Melindungi hutan dunia berarti melindungi hak masyarakat adat

Masyarakat suku adat telah terbukti menjadi penjaga terbaik sumber daya alam dunia kita. Namun, tanah dan gaya hidup tradisional mereka diserang oleh perusahaan ekstraktif yang lebih mengutamakan keuntungan daripada keberlanjutan, mengancam keberagaman hayati dan masa depan semua orang.

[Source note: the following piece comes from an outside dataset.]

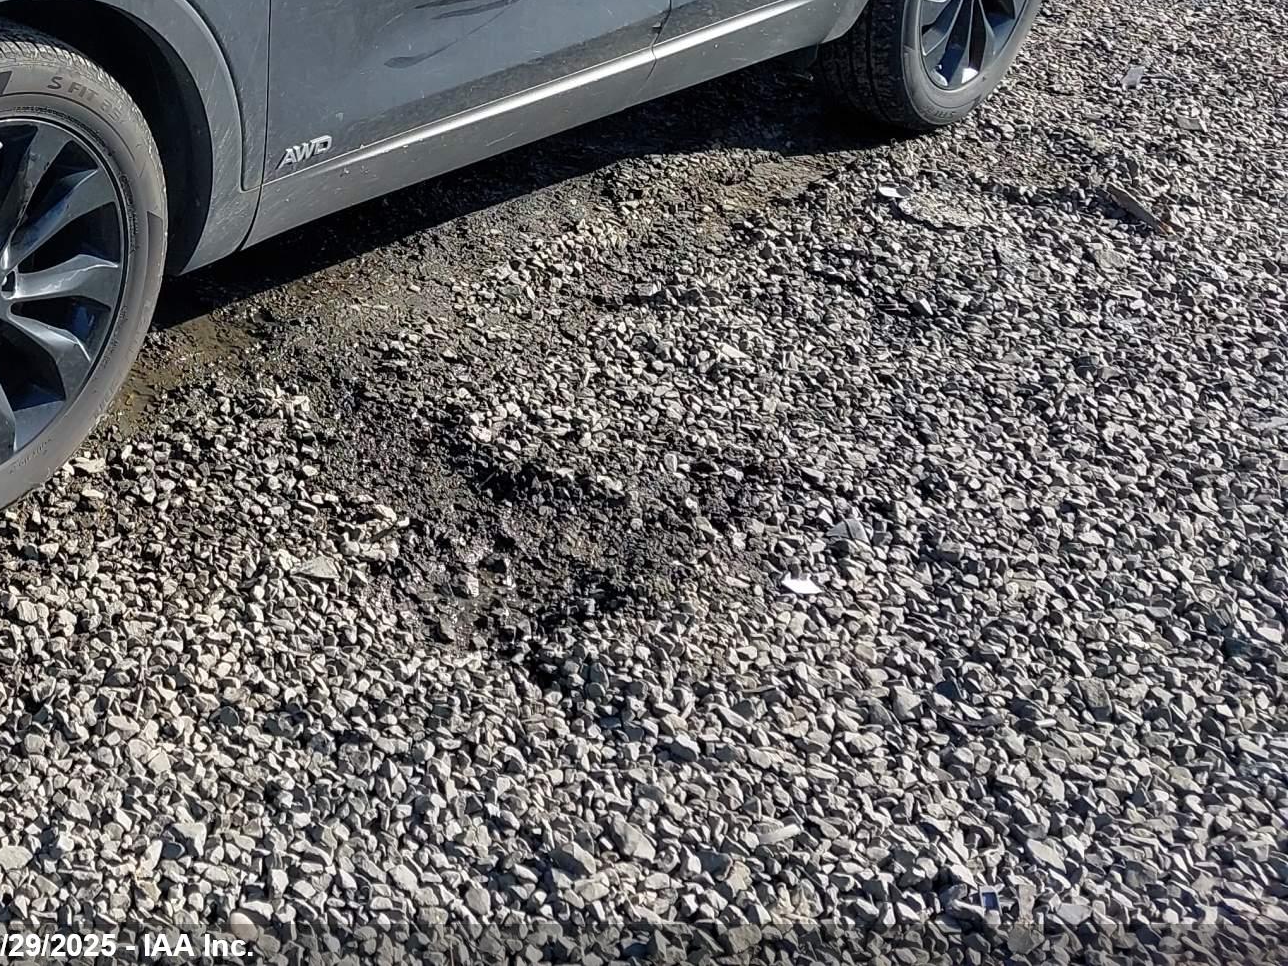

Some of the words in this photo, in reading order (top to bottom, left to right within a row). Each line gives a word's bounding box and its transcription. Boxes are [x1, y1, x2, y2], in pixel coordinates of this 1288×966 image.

[47, 76, 64, 90] S
[68, 81, 99, 101] FIT
[275, 135, 333, 170] AWD
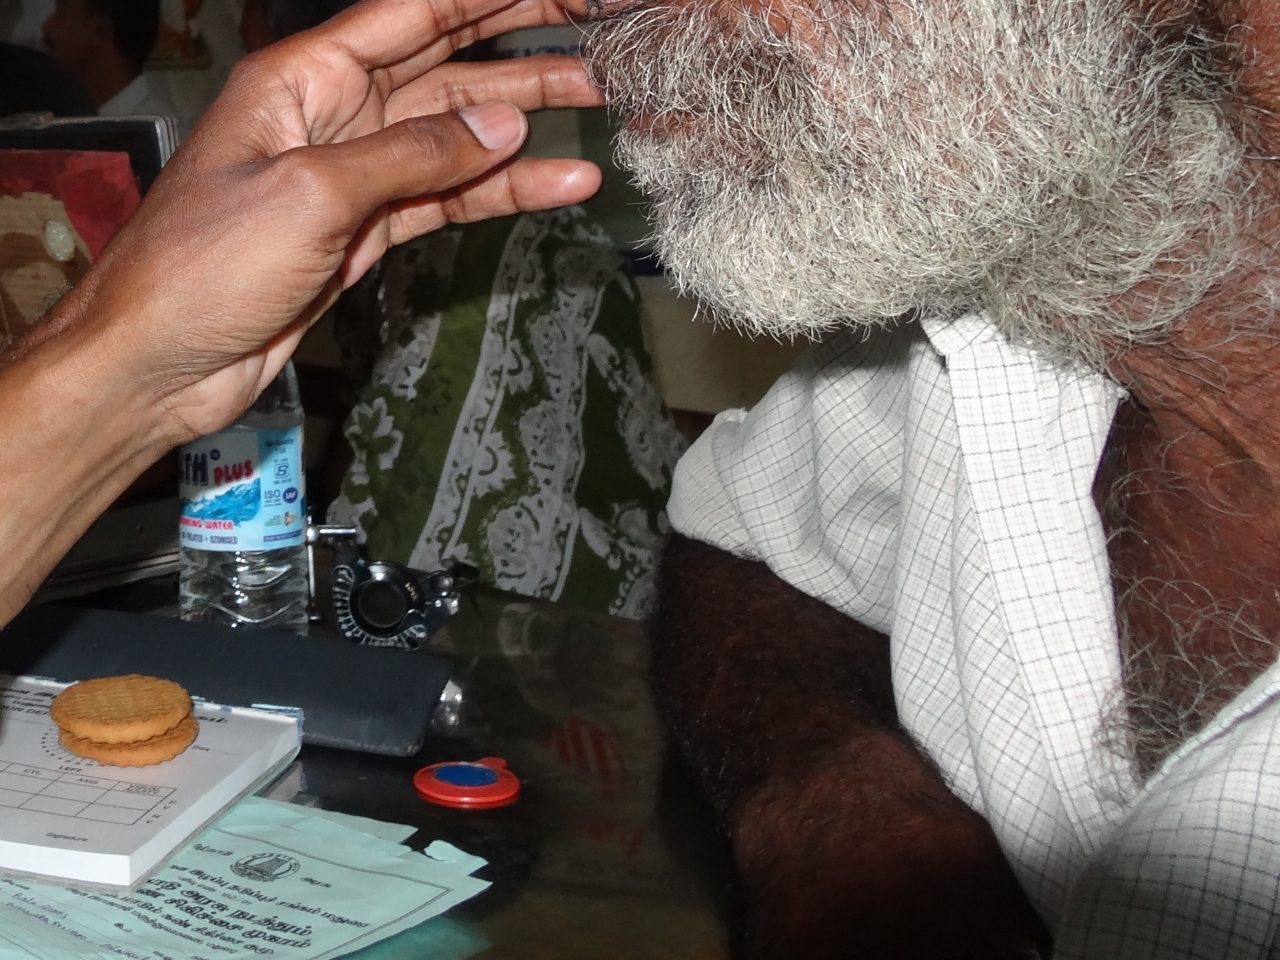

TENA – Selama lebih dari 500 tahun, Suku Adat Asli di Ekuador telah berjuang untuk melindungi tanah, budaya, dan eksistensi mereka dari konsekuensi buruk kolonisasi. Sejak kolonisator menginjakkan kaki di tanah kami, mereka berusaha mengeksploitasi sumber daya alamnya untuk mencari untung. Hari ini, perusahaan-perusahaan dari China, Kanada, dan Australia menambang wilayah kami untuk emas, tanpa mengindahkan keberatan kami, dan menentang perintah pemerintah, yang berujung pada kematian dan kehancuran.

Masyarakat adat telah lama menjadi penjaga masa depan kolektif umat manusia, hidup berdampingan dengan alam dan menghormati siklus dan kompleksitasnya. Kami sadar bahwa kelangsungan hidup kami (dan kelangsungan hidup semua orang lain) erat kaitannya dengan kesehatan dan kelestarian ekosistem alami. Namun, hutan yang kami anggap sebagai rumah, yang telah menyokong komunitas kami selama berabad-abad, kini sedang diserang. Sungai-sungai yang dulu jernih kini tercemar oleh zat kimia beracun, mencemari makanan, tanah, dan komunitas kami.

Saat ekstraksi minyak dan mineral yang tidak henti merusak tanah dan sungai kami, ekosistem rapuh yang menjadi habitat bagi banyak spesies mendekati ambang keruntuhan. Namun, bukan hanya kerusakan fisik yang kami sesali. Pelanggaran atas tanah suci kami merupakan penghinaan terhadap semangat dan ketahanan masyarakat suku adat. Keterikatan yang mendalam kami dengan Bumi adalah fondasi identitas budaya kami. Ketika perusahaan multinasional dengan sembarangan merusak hutan kami, mereka menginjak-injak warisan leluhur kami dan mengabaikan kebijaksanaan serta pengetahuan yang telah diwariskan turun-temurun. Lebih dari itu, kehancuran ini juga menjadi pengingat tajam bahwa meskipun telah berabad-abad terkomodifikasi, masyarakat kontemporer masih mengikuti model ekonomi yang lebih mementingkan keuntungan dari pada kesejahteraan manusia dan lingkungan.

Saat saya menulis ini, teman-teman, keluarga, dan saya secara aktif menentang praktik-praktik berbahaya perusahaan tersebut. Kami menyuarakannya di media sosial dan membawanya ke pengadilan. Namun, keberatan kami sering kali diabaikan, seperti yang terjadi pada suku adat selama berabad-abad. Hal ini memperdalam siklus kemiskinan, ketidaksetaraan, dan disintegrasi budaya yang tiada habisnya.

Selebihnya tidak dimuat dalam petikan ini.